My aunt had written her one of the odd, abrupt notes - very little longer than a Bank note - to which her epistolary efforts were usually limited. She had stated therein that she had fallen into adversity, and was leaving Dover for good, but had quite made up her mind to it, and was so well that nobody need be uncomfortable about her. Agnes had come to London to see my aunt, between whom and herself there had been a mutual liking these many years: indeed, it dated from the time of my taking up my residence in Mr. Wickfield’s house. She was not alone, she said. Her papa was with her - and Uriah Heep.
‘And now they are partners,’ said I. ‘Confound him!’
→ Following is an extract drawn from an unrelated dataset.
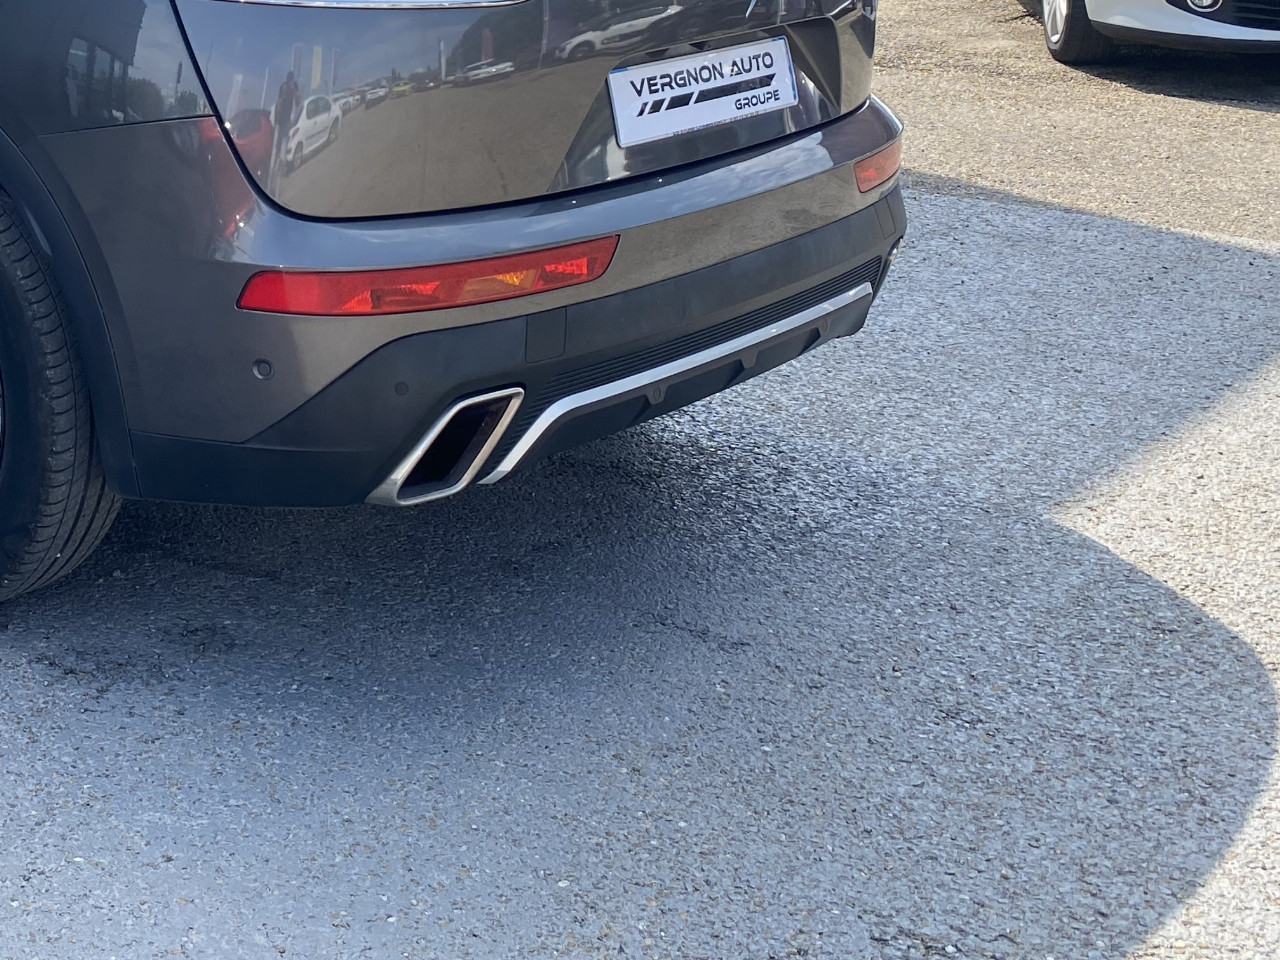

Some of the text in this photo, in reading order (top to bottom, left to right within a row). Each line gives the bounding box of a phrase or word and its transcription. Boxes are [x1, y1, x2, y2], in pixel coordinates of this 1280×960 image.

[630, 51, 774, 97] VERGNON AUTO
[735, 89, 781, 111] GROUPE
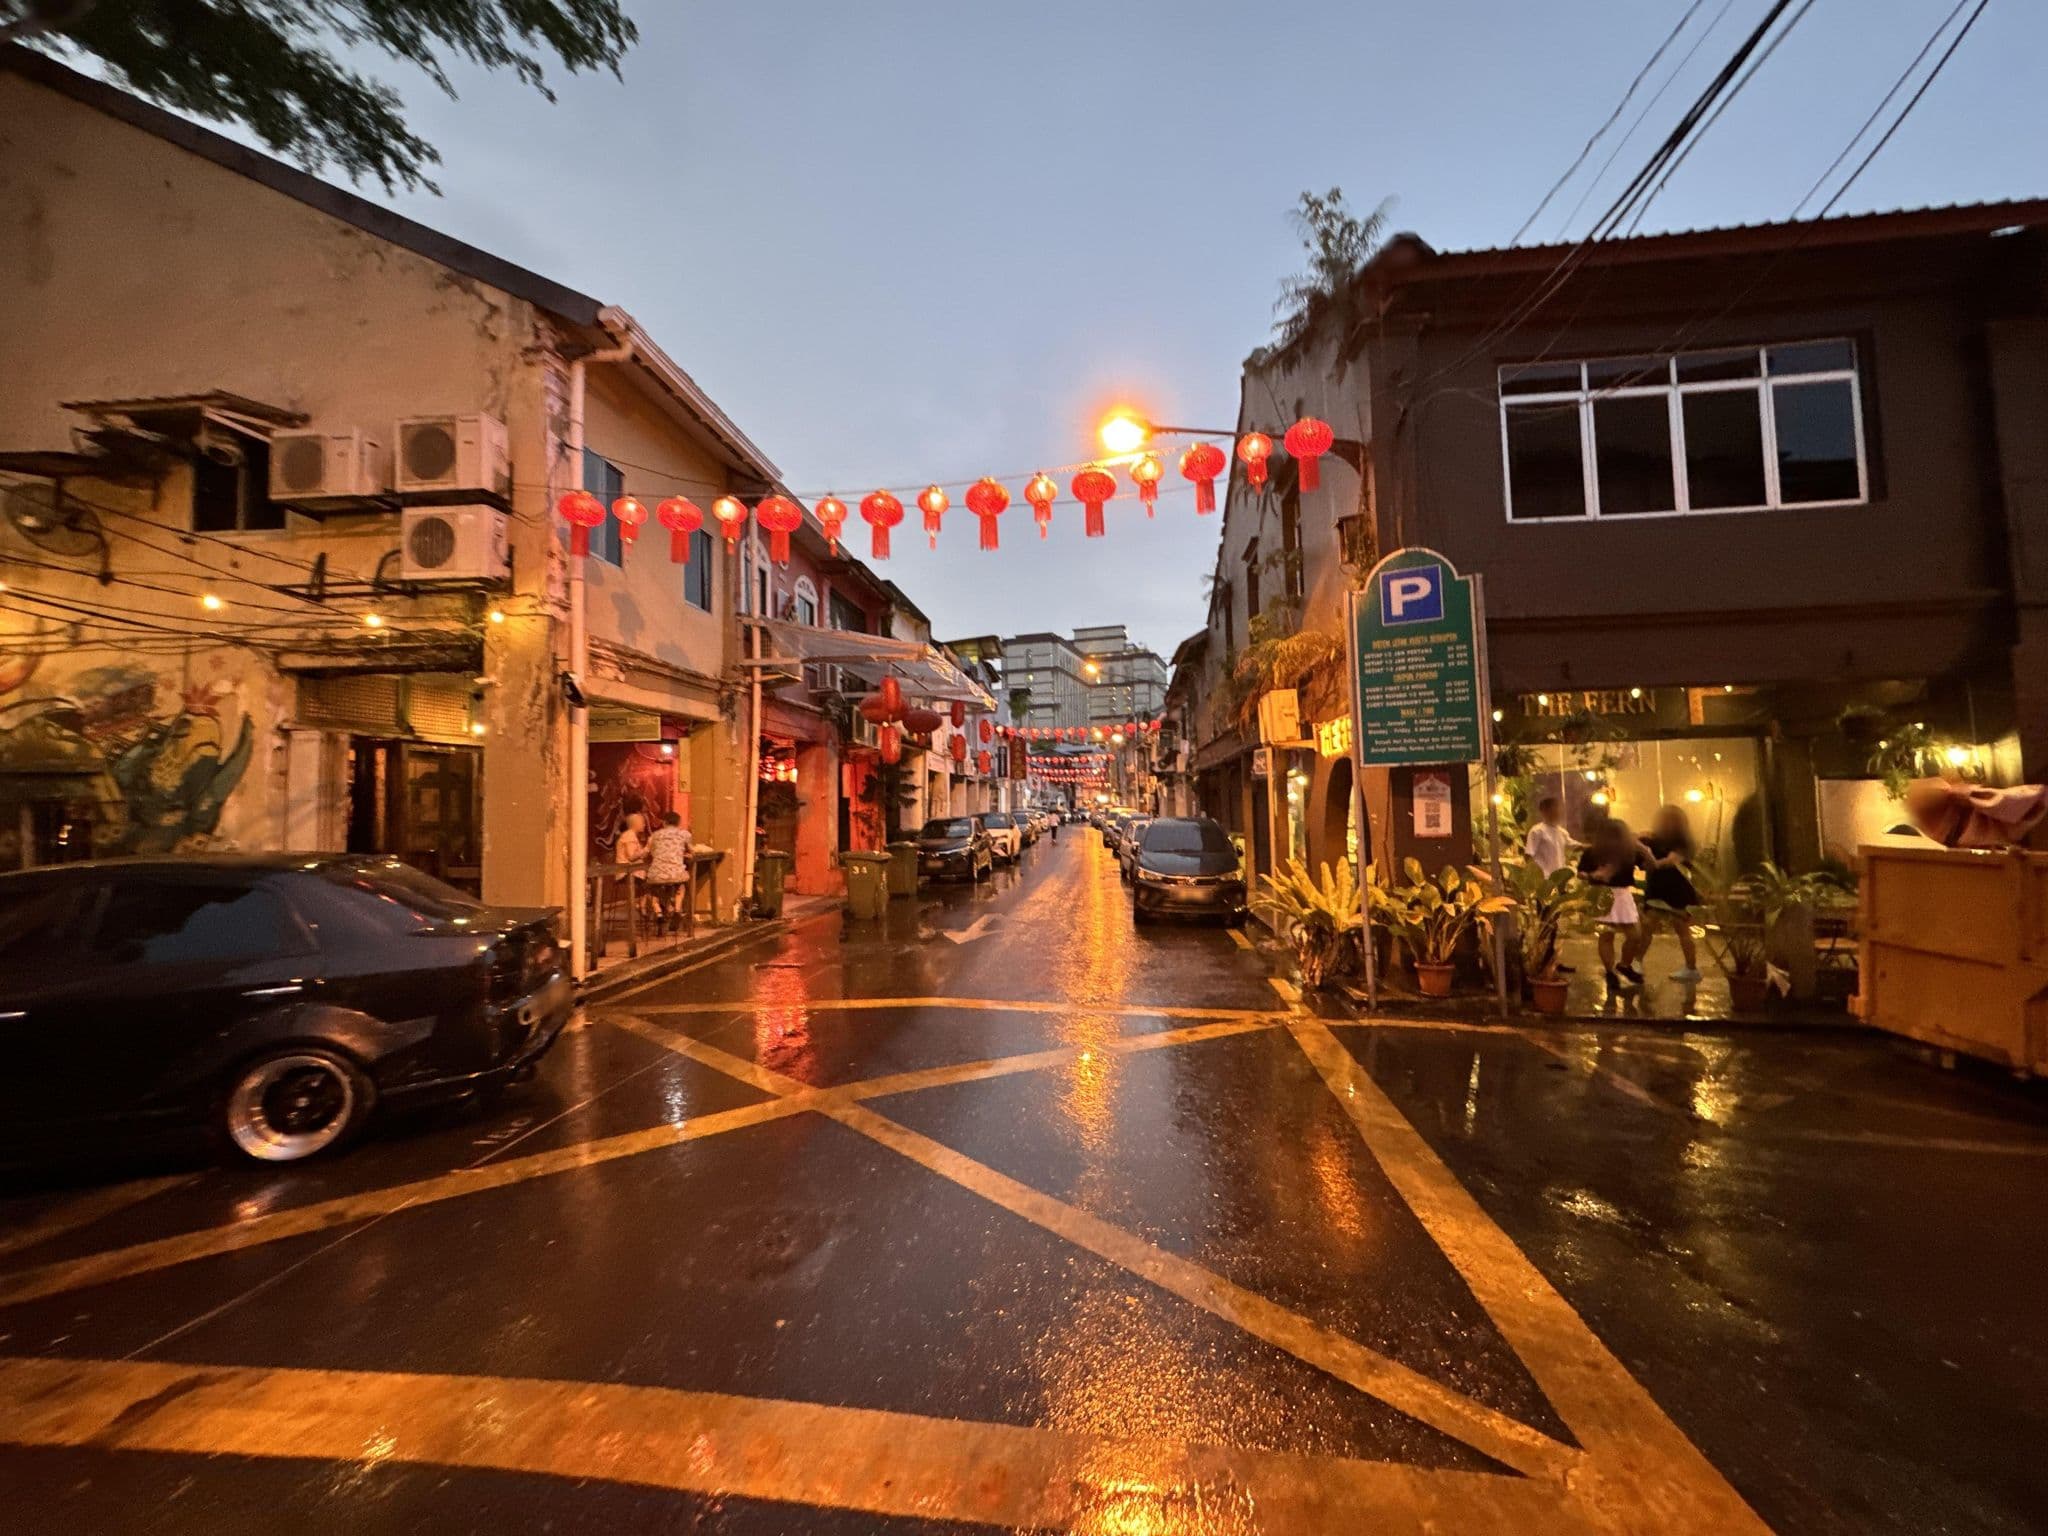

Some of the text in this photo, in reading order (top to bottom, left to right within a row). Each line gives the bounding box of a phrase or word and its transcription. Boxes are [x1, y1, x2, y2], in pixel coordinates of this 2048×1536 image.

‘Yes,’ said Agnes. ‘They have some business here; and I took advantage of their coming, to come too. You must not think my visit all friendly and disinterested, Trotwood, for - I am afraid I may be cruelly prejudiced - I do not like to let papa go away alone, with him.’ ‘Does he exercise the same influence over Mr. Wickfield still, Agnes?’
Agnes shook her head. ‘There is such a change at home,’ said she, ‘that you would scarcely know the dear old house. They live with us now.’
‘They?’ said I.
‘Mr. Heep and his mother. He sleeps in your old room,’ said Agnes, looking up into my face.
‘I wish I had the ordering of his dreams,’ said I. ‘He wouldn’t sleep there long.’
‘I keep my own little room,’ said Agnes, ‘where I used to learn my lessons. How the time goes! You remember? The little panelled room that opens from the drawing-room?’
‘Remember, Agnes? When I saw you, for the first time, coming out at the door, with your quaint little basket of keys hanging at your side?’
‘It is just the same,’ said Agnes, smiling. ‘I am glad you think of it so pleasantly. We were very happy.’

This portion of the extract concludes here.